They blurred together, amplifying and expanding until it felt like a giant searchlight pinning her in place.

Poe was coming.

66

Liam

Day One Hundred and Fifteen

“How many hostiles?” Liam asked in a terse voice.

He was clad in nothing but his underwear, bruised, beaten, and freezing cold. None of it mattered. He was absolutely focused.

“At least seven in the elevator alcove outside the kitchen,” Luther said. “I don’t see anyone in the kitchen itself, but I can’t be certain. The guardsmen are gone. It’s the General’s contractors we have to worry about.”

“Exits?”

“The main one straight ahead. A service entrance to the west. Ah, at our three o’clock. They’ll use it to flank us. But we’re not receiving fire from that direction yet. I don’t see any movement.”

Liam grabbed a spare M4 from a dead bodyguard, examined it—full magazine, locked and loaded—and slung it over his bare shoulder. “Then we need to get there first.”

Luther nodded.

Weapon in hand, Liam stacked up behind him. His thoughts crystallized. His senses bright and sharp, every synapse firing.
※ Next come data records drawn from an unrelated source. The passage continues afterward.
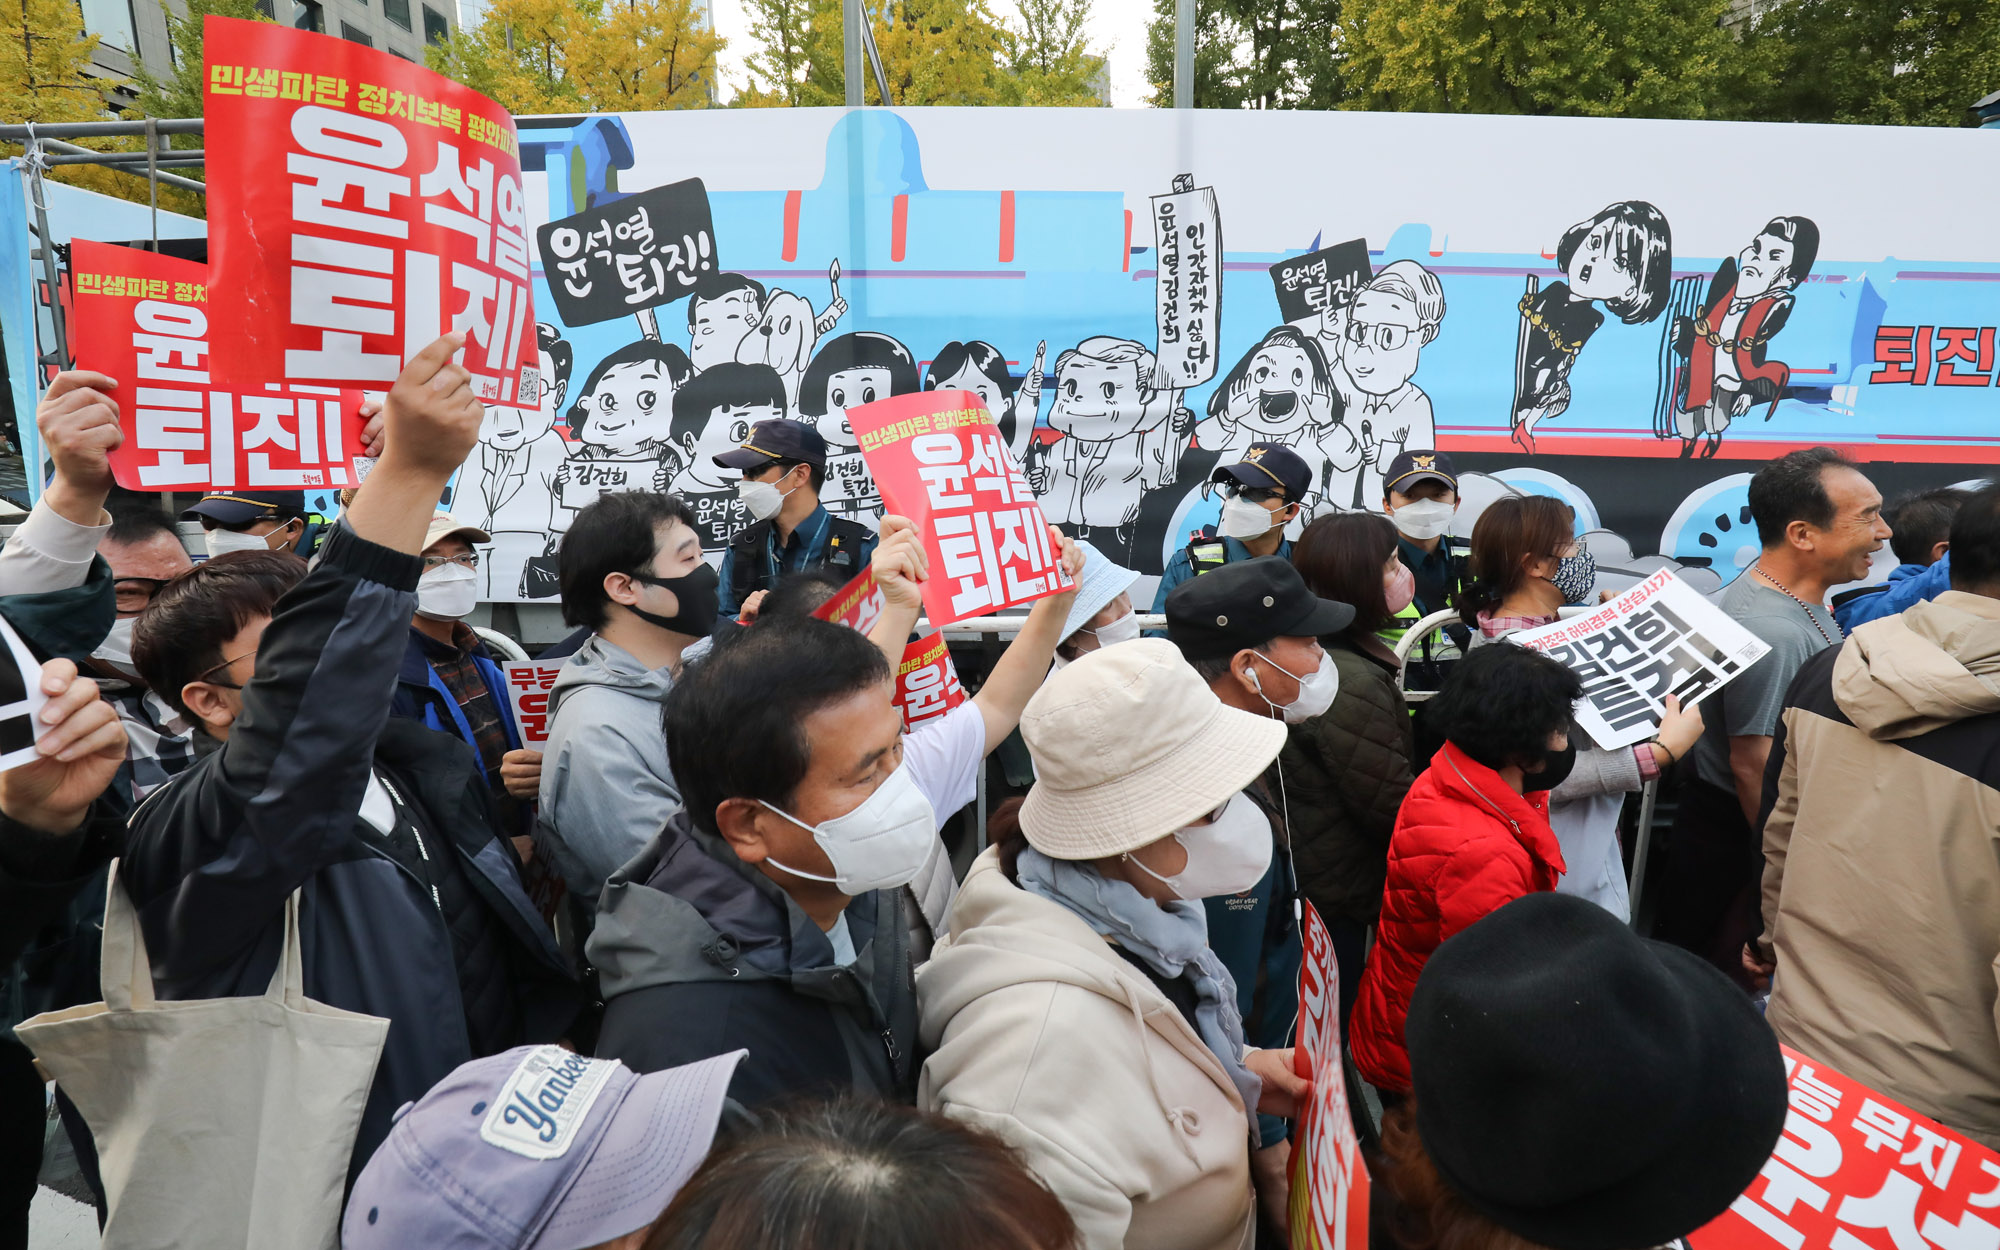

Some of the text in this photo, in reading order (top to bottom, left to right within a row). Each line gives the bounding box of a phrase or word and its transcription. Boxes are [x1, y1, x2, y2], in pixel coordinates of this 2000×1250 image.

[211, 65, 349, 107] 민생파탄
[357, 83, 461, 134] 정치보복
[287, 105, 529, 281] 윤석열
[77, 273, 169, 299] 민생파탄
[550, 206, 656, 297] 윤석열
[615, 230, 710, 304] 퇴진!
[1282, 258, 1327, 291] 윤석열
[285, 233, 527, 401] 퇴진!
[1304, 270, 1358, 311] 퇴진!
[1869, 325, 2000, 387] 퇴진
[136, 387, 349, 486] 퇴진!
[860, 416, 930, 452] 민생파탄
[933, 408, 979, 431] 정치보복
[574, 464, 627, 486] 김건희
[843, 476, 875, 498] 특검!
[696, 498, 746, 525] 윤석열
[934, 507, 1058, 616] 퇴진!
[1567, 607, 1618, 639] 허위경력
[1617, 569, 1673, 614] 상습사기
[504, 1053, 593, 1142] Yankee
[1851, 1097, 1962, 1191] 무지
Luther knelt in the freezer doorway and fired on full-auto, suppressing the hostiles attempting to burst through the kitchen entrance. He bled off an entire magazine.

Slugs punched through drywall, peppering the metal shelving and cabinets.
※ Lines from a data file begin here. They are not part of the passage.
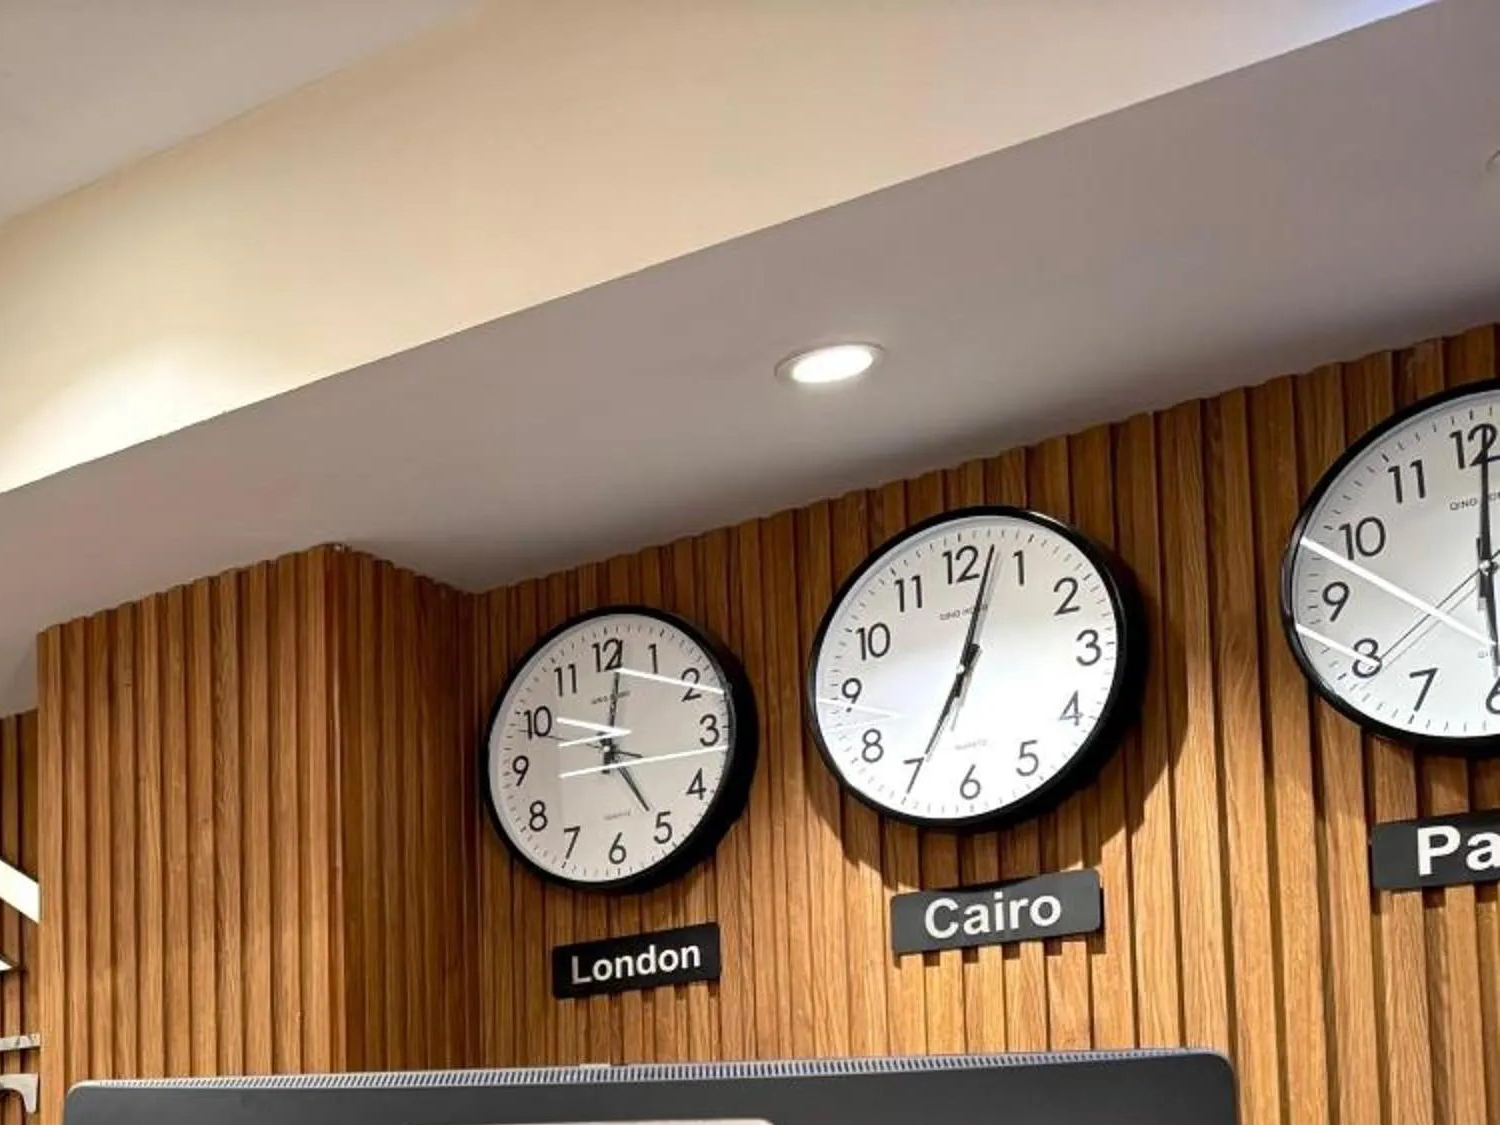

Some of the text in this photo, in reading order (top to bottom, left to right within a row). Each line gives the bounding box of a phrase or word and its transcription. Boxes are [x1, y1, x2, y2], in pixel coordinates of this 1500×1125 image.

[1450, 423, 1500, 470] 12
[1387, 459, 1426, 505] 11
[1338, 516, 1387, 561] 10
[942, 545, 980, 585] 12
[1013, 550, 1025, 586] 1
[895, 575, 924, 613] 11
[1053, 577, 1080, 616] 2
[1321, 581, 1350, 622] 9
[591, 638, 624, 673] 12
[647, 643, 659, 675] 1
[856, 622, 891, 661] 10
[1076, 629, 1102, 666] 3
[1351, 637, 1382, 679] 8
[554, 664, 578, 697] 11
[680, 667, 702, 703] 2
[841, 677, 862, 712] 9
[1409, 668, 1438, 712] 7
[523, 705, 553, 740] 10
[1059, 690, 1083, 726] 4
[699, 714, 719, 747] 3
[861, 729, 884, 763] 8
[512, 755, 530, 786] 9
[903, 757, 925, 794] 7
[1015, 740, 1039, 777] 5
[686, 768, 707, 801] 4
[959, 764, 982, 800] 6
[529, 800, 548, 831] 8
[653, 811, 673, 844] 5
[563, 826, 581, 859] 7
[608, 832, 627, 865] 6
[1417, 825, 1500, 877] Pa
[924, 892, 1062, 939] Cairo
[571, 943, 701, 985] London
A scream as a man was hit.

The hostiles ducked for cover, their return fire going spotty.

Time to move.

Liam limped past Luther into the kitchen, slicing the pie as he went. Cautiously, he stepped over several bodies. The floor beneath them slick with blood.

It was like slogging through molasses. His legs dragged, full of cement. His arms made of lead. His hands trembled as he pressed the carbine to his shoulder.

Luther moved past the threshold, entered the kitchen and swung left, weapon up. Clear.

Liam turned right. He took the corner and swept back to the center of the room. Clear.

At a crouch, they moved forward into the massive kitchen, past shelves and counters, sweeping back and forth. Heart in his throat, he checked left then right, scanning for threats.

The battery-operated lanterns had been knocked to the floor. The watery light reflected off steel, throwing wavering shapes and shadows. His mouth was bone-dry.

Rounds snapped past their heads.

Luther dove behind a stove the size of a steam engine. Liam flung himself after him.

They returned fire. Liam did a tactical reload, ejecting the not-quite-spent magazine and inserting the fresh one into the mag well. Luther lobbed a vicious volley at the bullet-riddled doorway.

A pause in the enemy fire as they reloaded spent magazines. Their opponents had to be running low.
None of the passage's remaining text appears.